------ Records provided
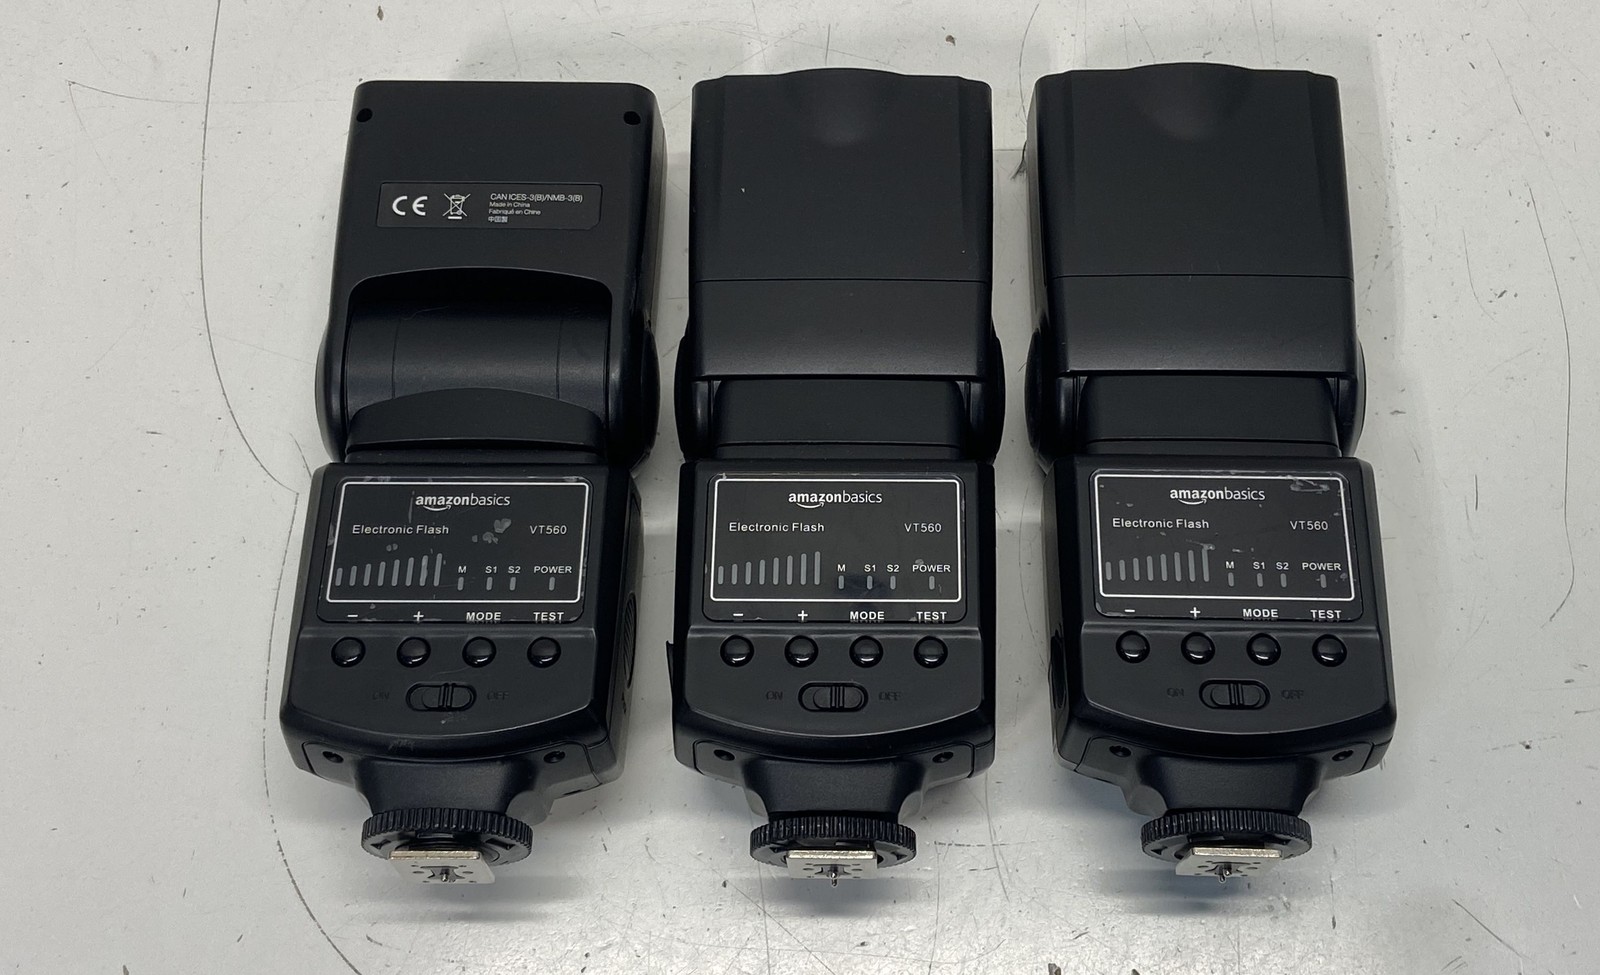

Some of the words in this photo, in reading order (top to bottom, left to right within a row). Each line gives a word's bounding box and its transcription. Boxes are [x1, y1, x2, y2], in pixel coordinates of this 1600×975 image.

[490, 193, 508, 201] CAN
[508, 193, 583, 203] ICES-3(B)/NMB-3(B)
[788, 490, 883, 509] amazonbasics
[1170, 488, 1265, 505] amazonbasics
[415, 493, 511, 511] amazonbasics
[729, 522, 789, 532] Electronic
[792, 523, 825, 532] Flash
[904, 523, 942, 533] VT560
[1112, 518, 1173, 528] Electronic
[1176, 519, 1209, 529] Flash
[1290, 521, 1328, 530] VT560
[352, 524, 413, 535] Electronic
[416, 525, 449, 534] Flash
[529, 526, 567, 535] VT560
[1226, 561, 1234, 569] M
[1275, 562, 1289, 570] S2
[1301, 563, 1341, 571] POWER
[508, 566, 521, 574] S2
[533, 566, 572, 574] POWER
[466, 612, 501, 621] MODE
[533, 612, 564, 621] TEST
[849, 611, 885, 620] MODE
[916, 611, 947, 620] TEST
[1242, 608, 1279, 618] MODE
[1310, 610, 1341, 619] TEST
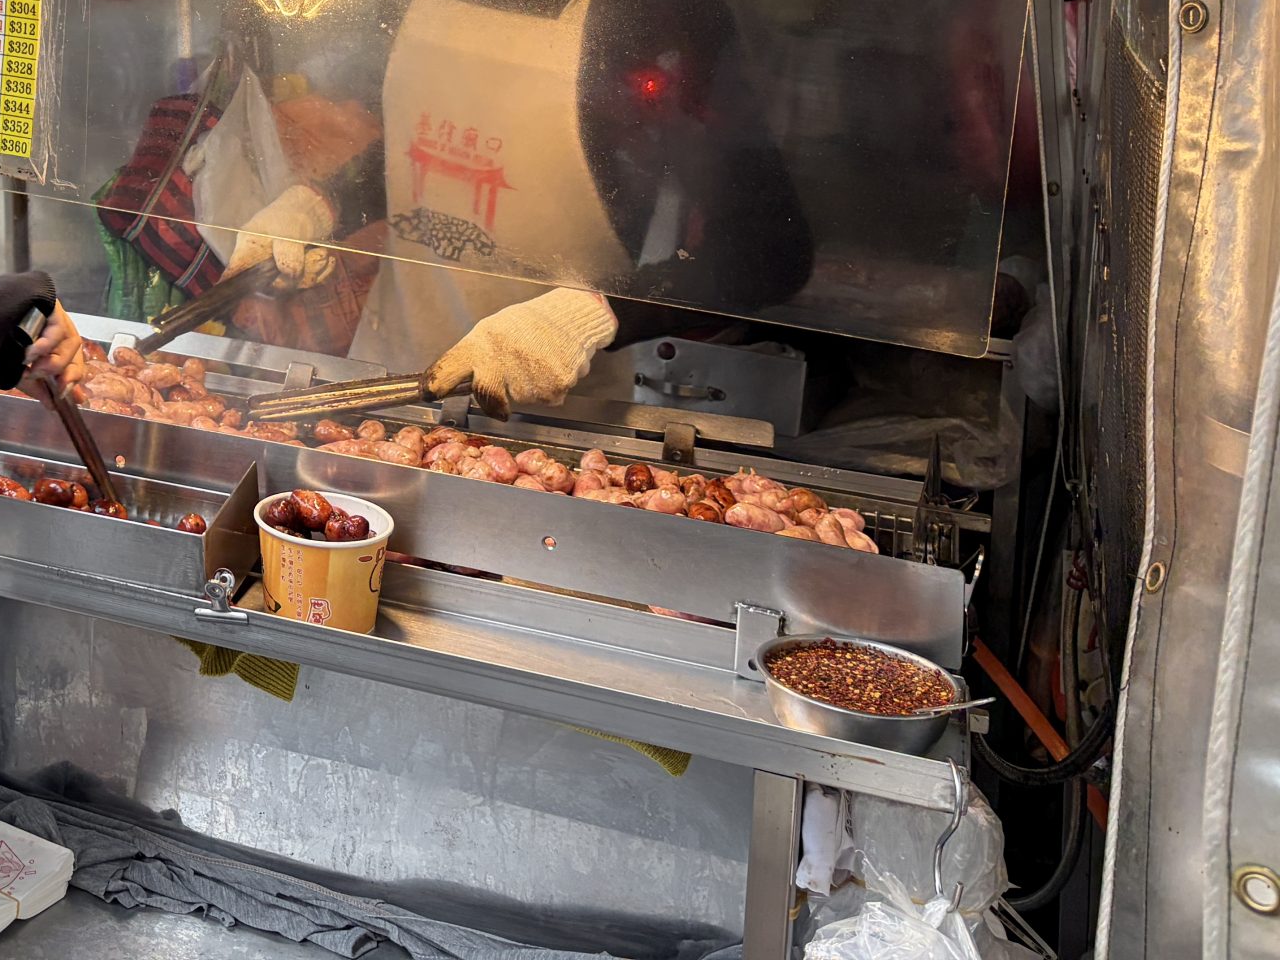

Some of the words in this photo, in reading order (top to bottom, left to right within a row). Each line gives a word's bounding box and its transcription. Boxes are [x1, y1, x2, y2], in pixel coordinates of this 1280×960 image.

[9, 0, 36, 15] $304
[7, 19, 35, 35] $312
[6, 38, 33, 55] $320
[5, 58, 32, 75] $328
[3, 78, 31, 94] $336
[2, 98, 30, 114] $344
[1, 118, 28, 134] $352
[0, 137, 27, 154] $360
------------
Your task
Although the entries contain pictures, copy everything else in them exactly.

Result below
Some of the words in this photo, in reading order (top to bottom, left to right within a row). Each line gives a word's bounding box and its transcription. Boxes are [x1, y1, x2, y2], in pixel coordinates of this 1600×975 image.

[490, 193, 508, 201] CAN
[508, 193, 583, 203] ICES-3(B)/NMB-3(B)
[788, 490, 883, 509] amazonbasics
[1170, 488, 1265, 505] amazonbasics
[415, 493, 511, 511] amazonbasics
[729, 522, 789, 532] Electronic
[792, 523, 825, 532] Flash
[904, 523, 942, 533] VT560
[1112, 518, 1173, 528] Electronic
[1176, 519, 1209, 529] Flash
[1290, 521, 1328, 530] VT560
[352, 524, 413, 535] Electronic
[416, 525, 449, 534] Flash
[529, 526, 567, 535] VT560
[1226, 561, 1234, 569] M
[1275, 562, 1289, 570] S2
[1301, 563, 1341, 571] POWER
[508, 566, 521, 574] S2
[533, 566, 572, 574] POWER
[466, 612, 501, 621] MODE
[533, 612, 564, 621] TEST
[849, 611, 885, 620] MODE
[916, 611, 947, 620] TEST
[1242, 608, 1279, 618] MODE
[1310, 610, 1341, 619] TEST

Some of the words in this photo, in reading order (top to bottom, left to right within a row). Each line gives a word's bounding box and its transcription. Boxes are [x1, y1, x2, y2], in pixel coordinates of this 1280×960 image.

[9, 0, 36, 15] $304
[7, 19, 35, 35] $312
[6, 38, 33, 55] $320
[5, 58, 32, 75] $328
[3, 78, 31, 94] $336
[2, 98, 30, 114] $344
[1, 118, 28, 134] $352
[0, 137, 27, 154] $360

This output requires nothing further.